2. Virtual Reality background

For the purpose of this post, “virtual reality” or “VR” is an immersive three-dimensional computer-generated environment. Secondly, as well as the environment definition, we need to reduce the scope or analysis regarding also on hardware basis. In order to maintain a commonly understandable level of debating, in this brief article we will take in consideration only systems constituted by a minimal corpus of particular machines. Considering this, the basic hardware infrastructure assumed as an example in this post is a pair of common VR eye goggles and wired clothing.
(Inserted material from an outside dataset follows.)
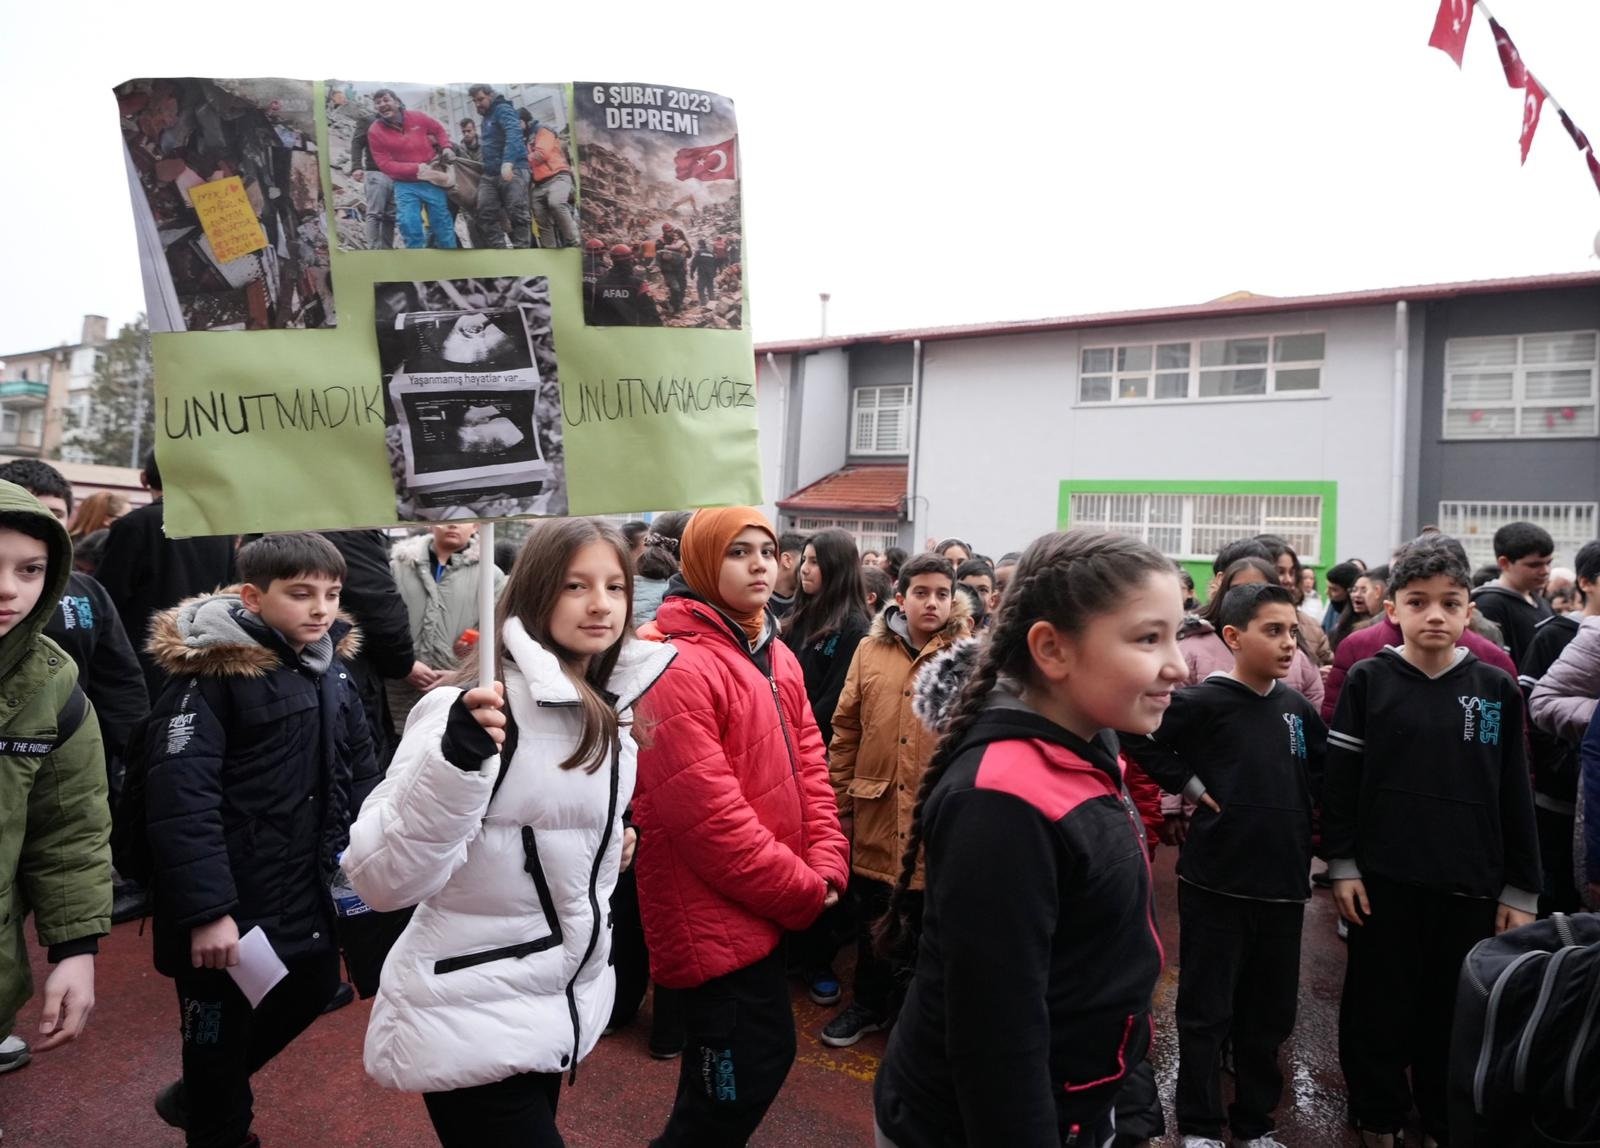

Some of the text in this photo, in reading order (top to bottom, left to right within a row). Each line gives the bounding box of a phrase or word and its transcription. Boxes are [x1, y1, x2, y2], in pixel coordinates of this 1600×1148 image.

Therefore the VR system as defined consist in a computer generated environment, experienced within a tethered or standalone devices such as the previous ones described. One of the key factors of every VR experience resides in peripherals sensors. Sometimes these sensors are programmed with a dual purpose, such as to allow the user to interact with the real world also within a virtual dimension. Visual tools and motion detection set in a such smart way enable a high level of responsiveness and immersive user experience for several different types of possible applications. We will not examine deeply every hardware component of that systems, nevertheless also a high-response audio and a clear video setup are definitively others essential ingredients for a disruptive VR experience.

At this point is sufficient to focalize at least on these two fundamental points for the post scope: the importance of sensors to assure good quality feedback for users involved in a VR experience and the immersive value that the experience has to own itself in order to be introduce innovation trough work activity carried on. This last profile, already not examined, is delved in the next point through a legal tech point of view.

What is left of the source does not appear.